• **Description of the task**
Full transcription, minus images: write out the listing below exactly as it appears.

• **Data extract**
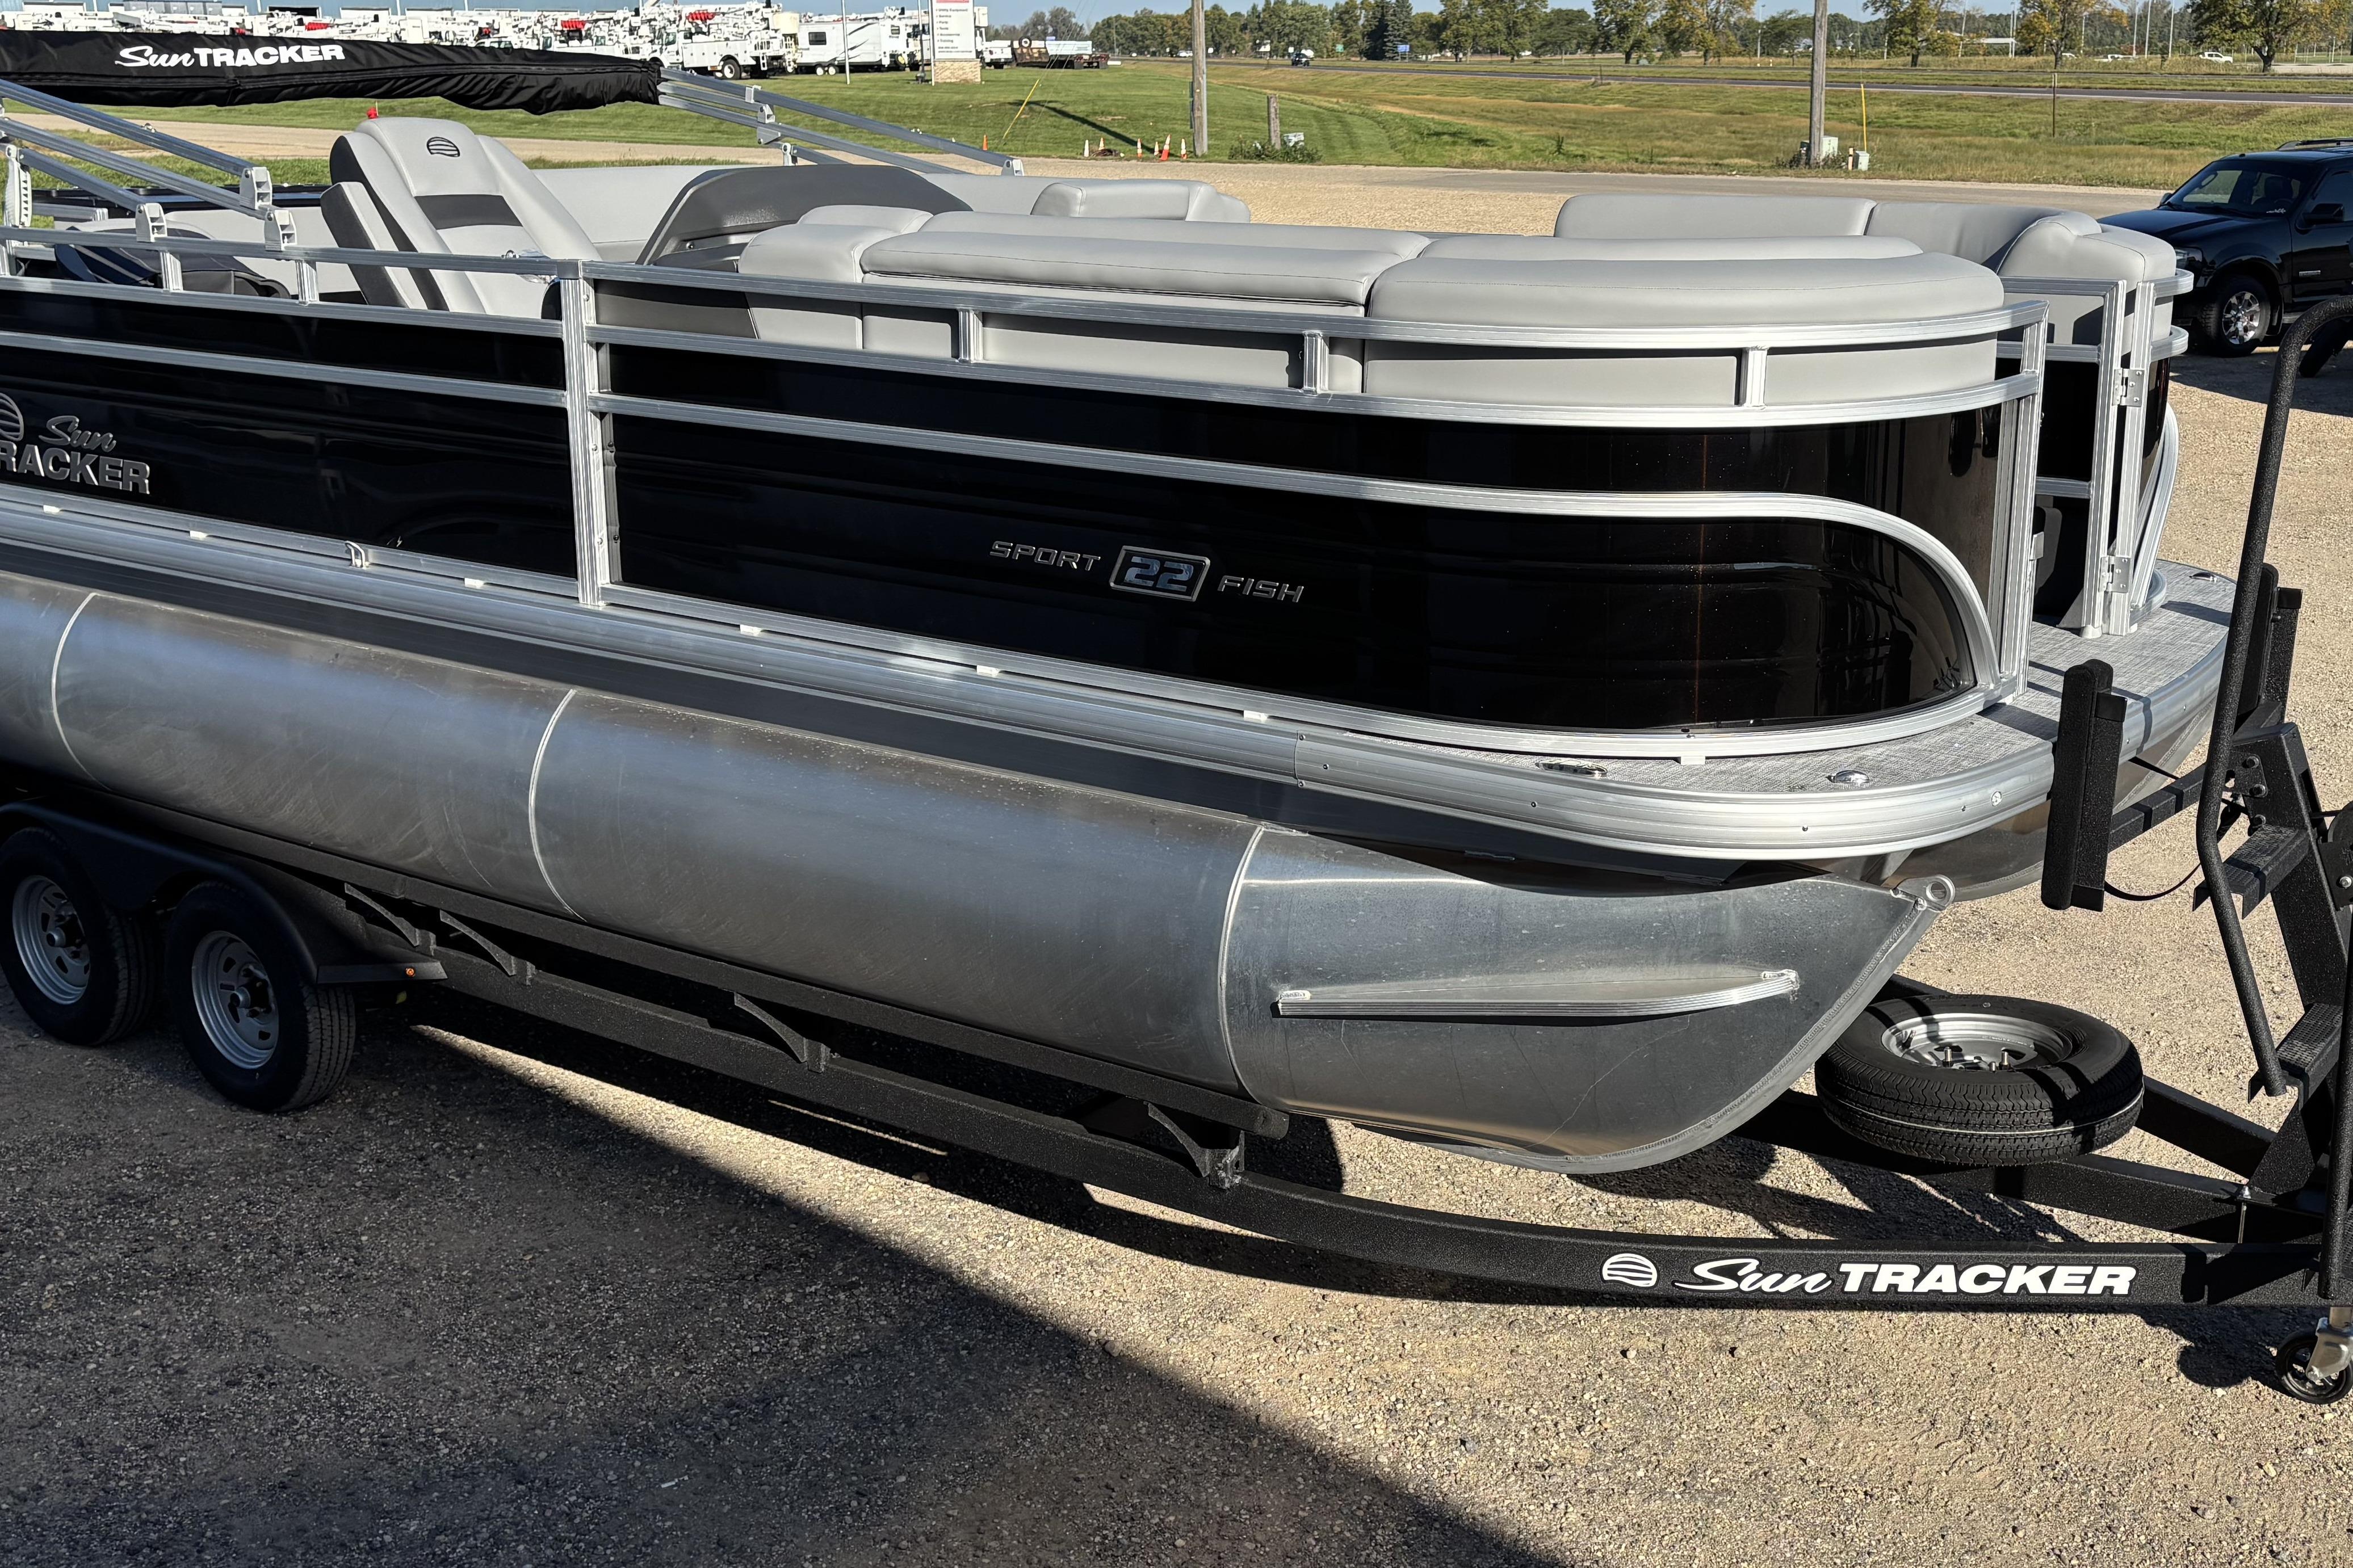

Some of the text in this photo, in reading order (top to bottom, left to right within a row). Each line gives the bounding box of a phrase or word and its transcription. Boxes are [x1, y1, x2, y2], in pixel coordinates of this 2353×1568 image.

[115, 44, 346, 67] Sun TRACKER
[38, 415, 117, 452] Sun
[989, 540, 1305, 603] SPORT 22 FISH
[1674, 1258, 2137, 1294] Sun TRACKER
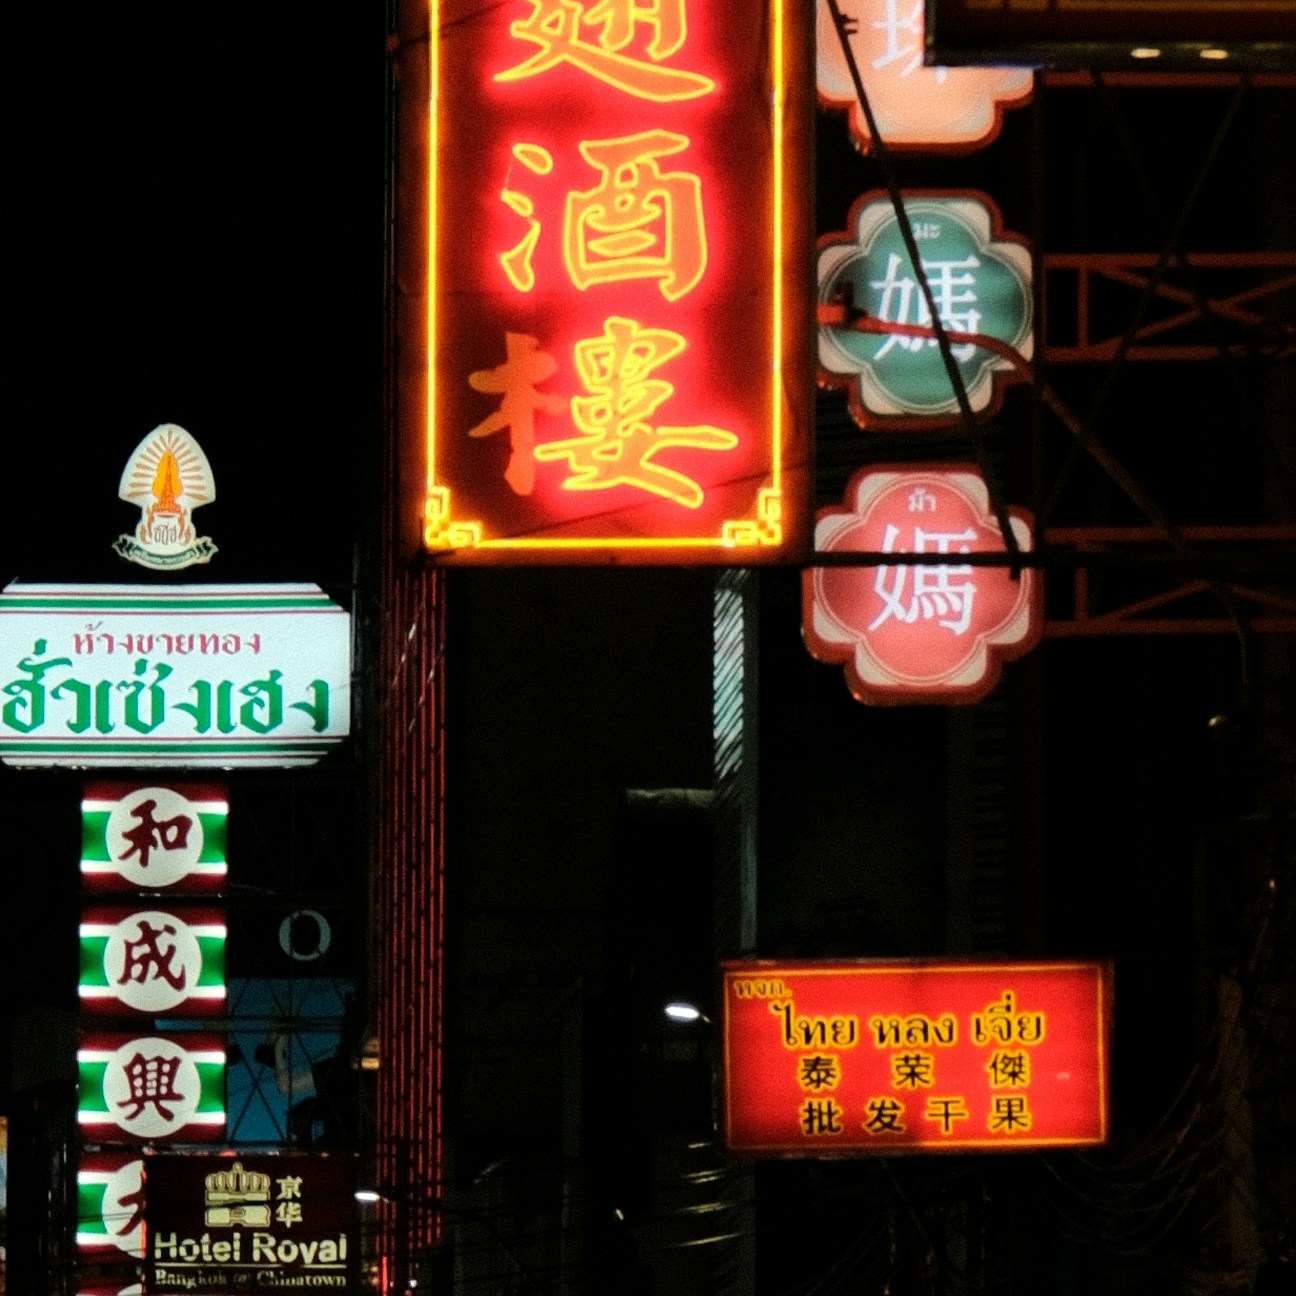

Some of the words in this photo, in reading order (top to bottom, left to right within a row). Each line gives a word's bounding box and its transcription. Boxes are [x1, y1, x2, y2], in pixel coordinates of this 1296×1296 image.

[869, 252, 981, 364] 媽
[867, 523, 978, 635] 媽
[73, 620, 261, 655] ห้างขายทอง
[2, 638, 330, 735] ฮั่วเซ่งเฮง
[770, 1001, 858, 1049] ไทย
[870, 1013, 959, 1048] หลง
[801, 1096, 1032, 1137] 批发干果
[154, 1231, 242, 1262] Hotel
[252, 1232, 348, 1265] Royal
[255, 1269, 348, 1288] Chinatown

• **Written response**
Some of the text in this photo, in reading order (top to bottom, left to right within a row). Each line gives the bounding box of a phrase or word and its transcription. Boxes are [x1, y1, x2, y2], in pixel coordinates of this 2353×1568 image.

[115, 44, 346, 67] Sun TRACKER
[38, 415, 117, 452] Sun
[989, 540, 1305, 603] SPORT 22 FISH
[1674, 1258, 2137, 1294] Sun TRACKER

Some of the words in this photo, in reading order (top to bottom, left to right within a row). Each line gives a word's bounding box and its transcription. Boxes are [x1, y1, x2, y2], in pixel coordinates of this 1296×1296 image.

[869, 252, 981, 364] 媽
[867, 523, 978, 635] 媽
[73, 620, 261, 655] ห้างขายทอง
[2, 638, 330, 735] ฮั่วเซ่งเฮง
[770, 1001, 858, 1049] ไทย
[870, 1013, 959, 1048] หลง
[801, 1096, 1032, 1137] 批发干果
[154, 1231, 242, 1262] Hotel
[252, 1232, 348, 1265] Royal
[255, 1269, 348, 1288] Chinatown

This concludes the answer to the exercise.